• **To do**
Go through the records and give each one again exactly, omitting the images.

╭─ Input material

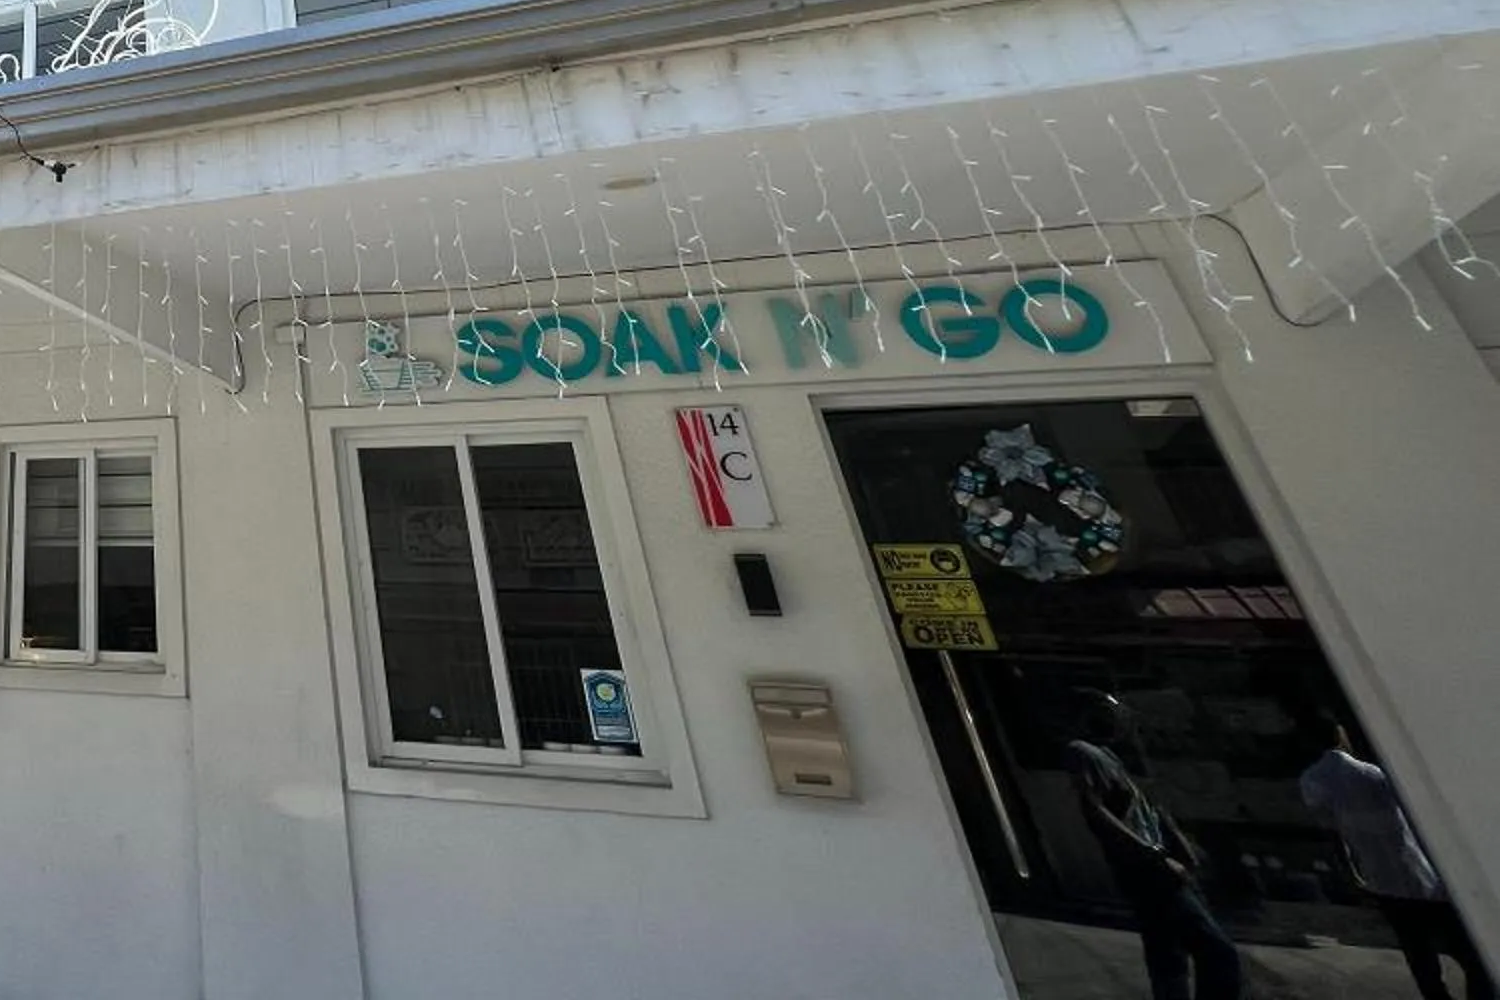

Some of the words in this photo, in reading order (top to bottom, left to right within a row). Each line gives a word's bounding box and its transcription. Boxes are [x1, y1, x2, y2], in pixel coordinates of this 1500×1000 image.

[455, 300, 748, 386] SOAK
[899, 278, 1109, 360] GO
[707, 411, 740, 437] 14
[720, 451, 753, 481] C
[913, 625, 986, 646] OPEN

╰─

• **Task response**
Some of the words in this photo, in reading order (top to bottom, left to right within a row). Each line gives a word's bounding box and its transcription. Boxes are [x1, y1, x2, y2], in pixel coordinates of this 1500×1000 image.

[455, 300, 748, 386] SOAK
[899, 278, 1109, 360] GO
[707, 411, 740, 437] 14
[720, 451, 753, 481] C
[913, 625, 986, 646] OPEN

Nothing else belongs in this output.